# Listed entries
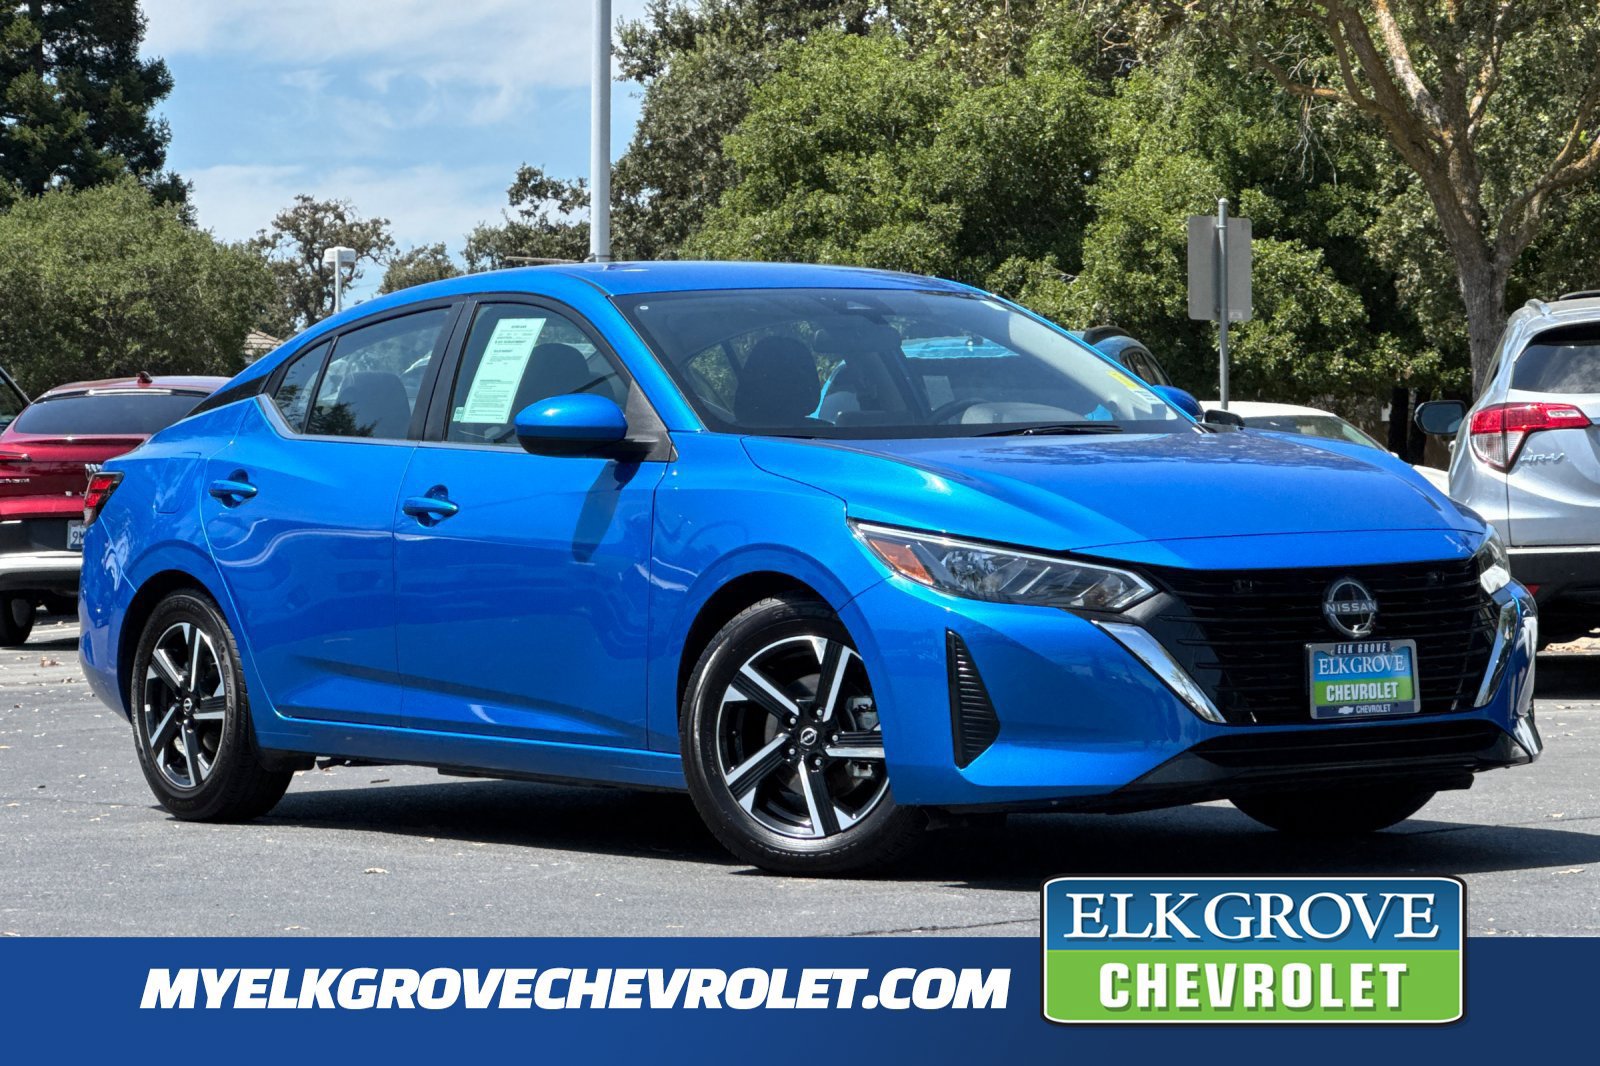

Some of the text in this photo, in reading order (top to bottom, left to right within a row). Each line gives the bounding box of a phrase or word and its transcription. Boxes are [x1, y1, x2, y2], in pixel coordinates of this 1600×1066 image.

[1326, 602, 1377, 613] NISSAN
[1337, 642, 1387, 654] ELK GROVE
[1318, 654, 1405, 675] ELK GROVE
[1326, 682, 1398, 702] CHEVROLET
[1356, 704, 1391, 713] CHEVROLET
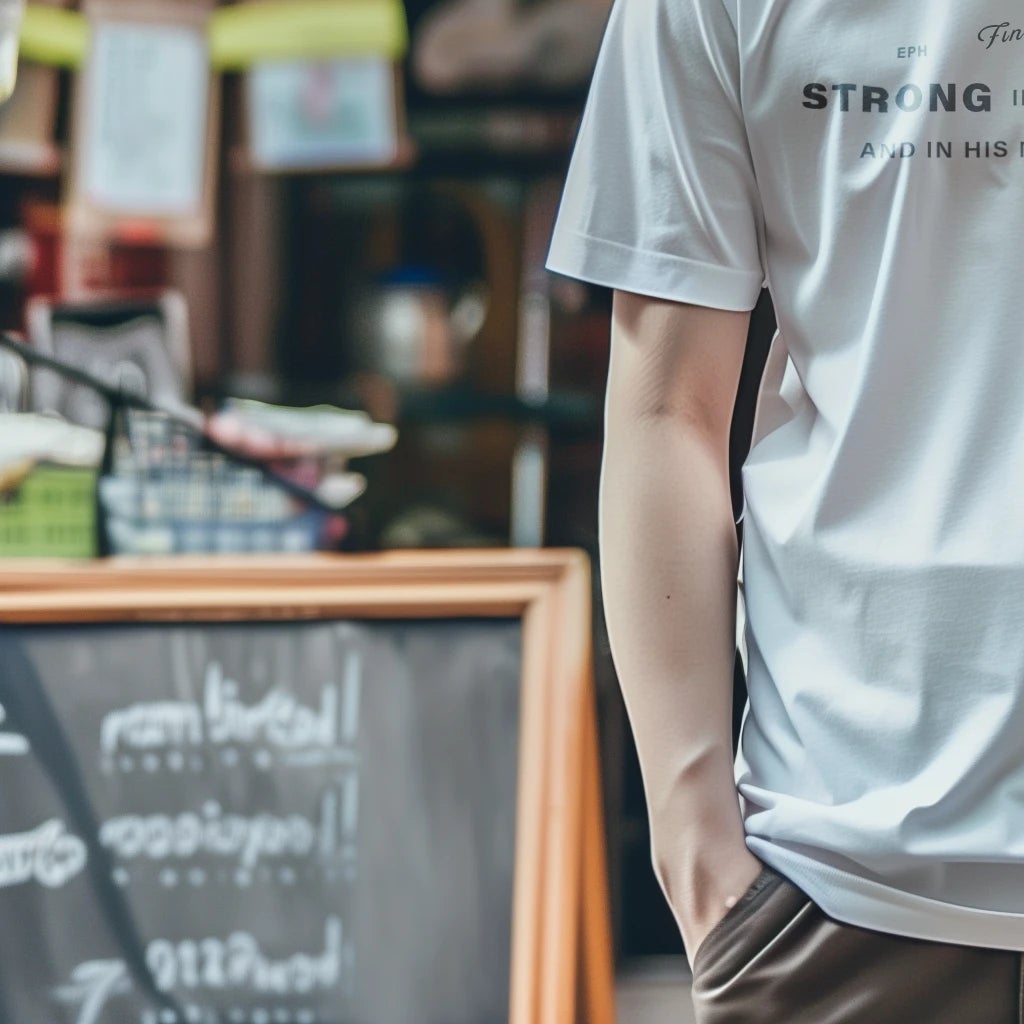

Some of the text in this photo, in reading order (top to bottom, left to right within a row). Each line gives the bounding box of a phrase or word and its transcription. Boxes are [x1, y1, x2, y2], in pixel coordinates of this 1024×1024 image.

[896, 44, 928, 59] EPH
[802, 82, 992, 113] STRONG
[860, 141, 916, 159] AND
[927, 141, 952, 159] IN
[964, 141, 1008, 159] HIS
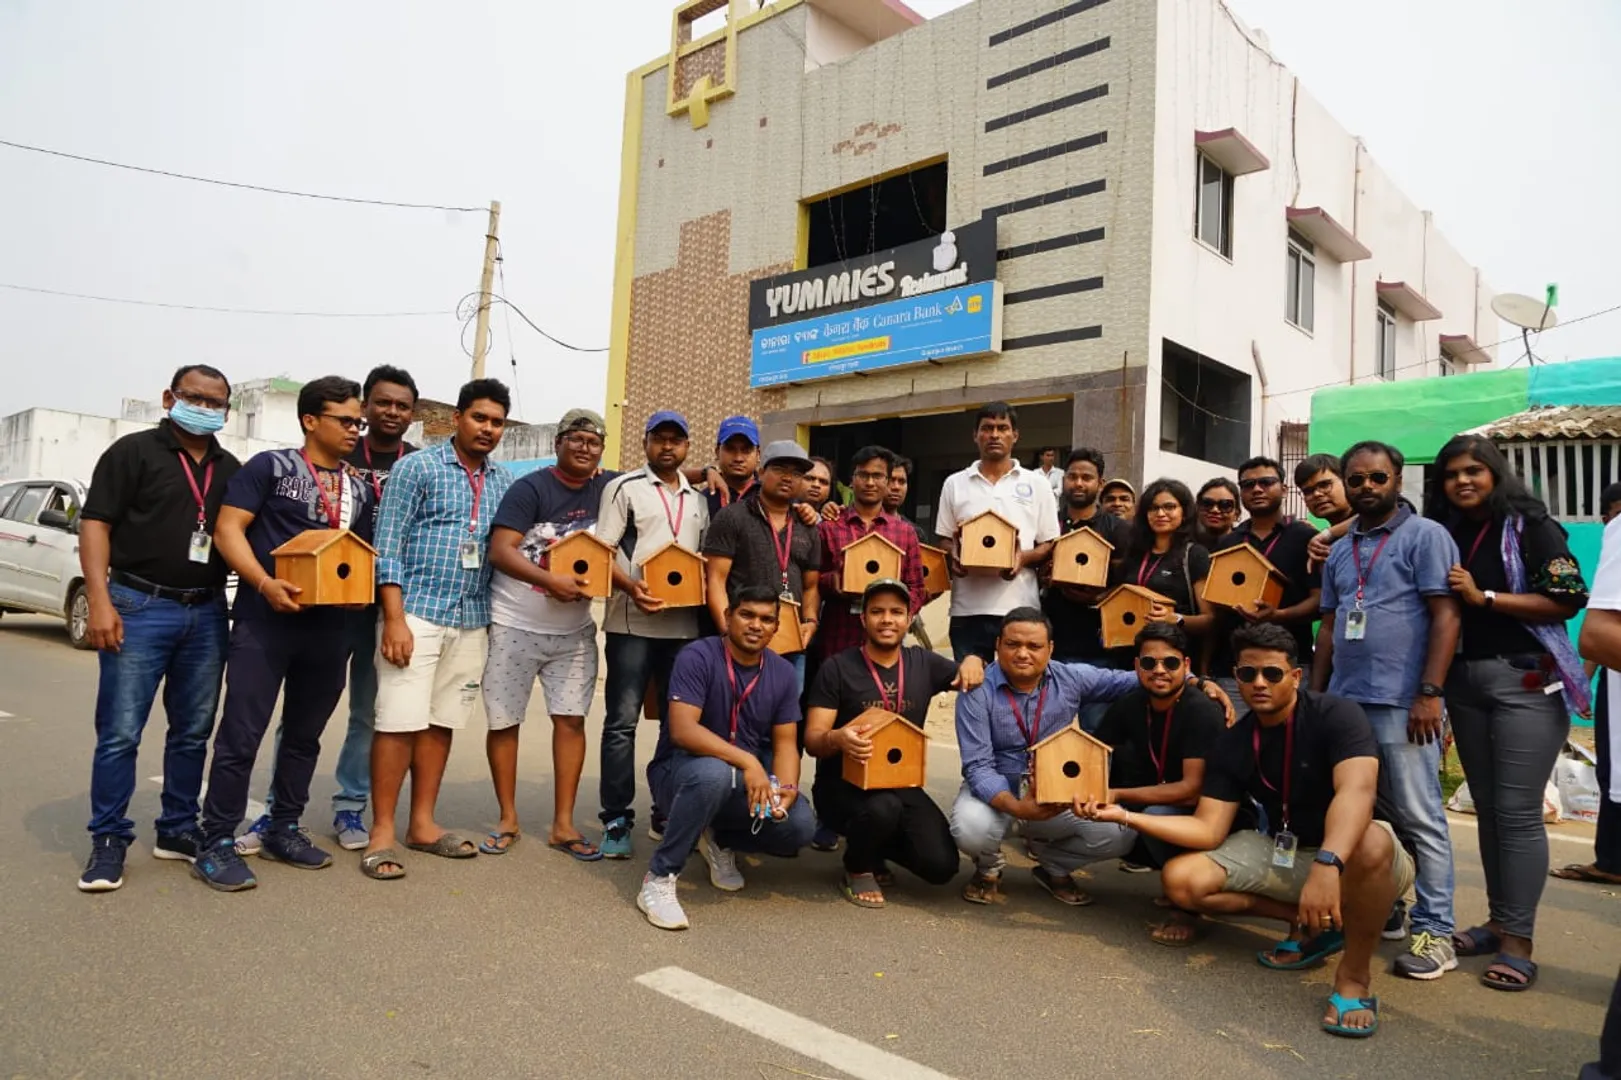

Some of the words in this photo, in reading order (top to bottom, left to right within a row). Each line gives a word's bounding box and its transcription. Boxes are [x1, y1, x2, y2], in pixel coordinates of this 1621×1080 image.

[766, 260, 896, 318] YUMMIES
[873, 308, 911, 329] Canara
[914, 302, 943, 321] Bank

# Your assignment
Leave out the pictures, and write out exactly the lines from the one containing "this 1024×1024 image." through the last line of the listing, both included.

# Response
Some of the text in this photo, in reading order (top to bottom, left to right within a row). Each line gives the bounding box of a phrase or word and its transcription. Boxes are [x1, y1, x2, y2], in pixel coordinates of this 1024×1024 image.

[896, 44, 928, 59] EPH
[802, 82, 992, 113] STRONG
[860, 141, 916, 159] AND
[927, 141, 952, 159] IN
[964, 141, 1008, 159] HIS

Some of the words in this photo, in reading order (top to bottom, left to right within a row). Each line gives a word's bounding box and its transcription. Boxes are [x1, y1, x2, y2], in pixel coordinates of this 1621×1080 image.

[766, 260, 896, 318] YUMMIES
[873, 308, 911, 329] Canara
[914, 302, 943, 321] Bank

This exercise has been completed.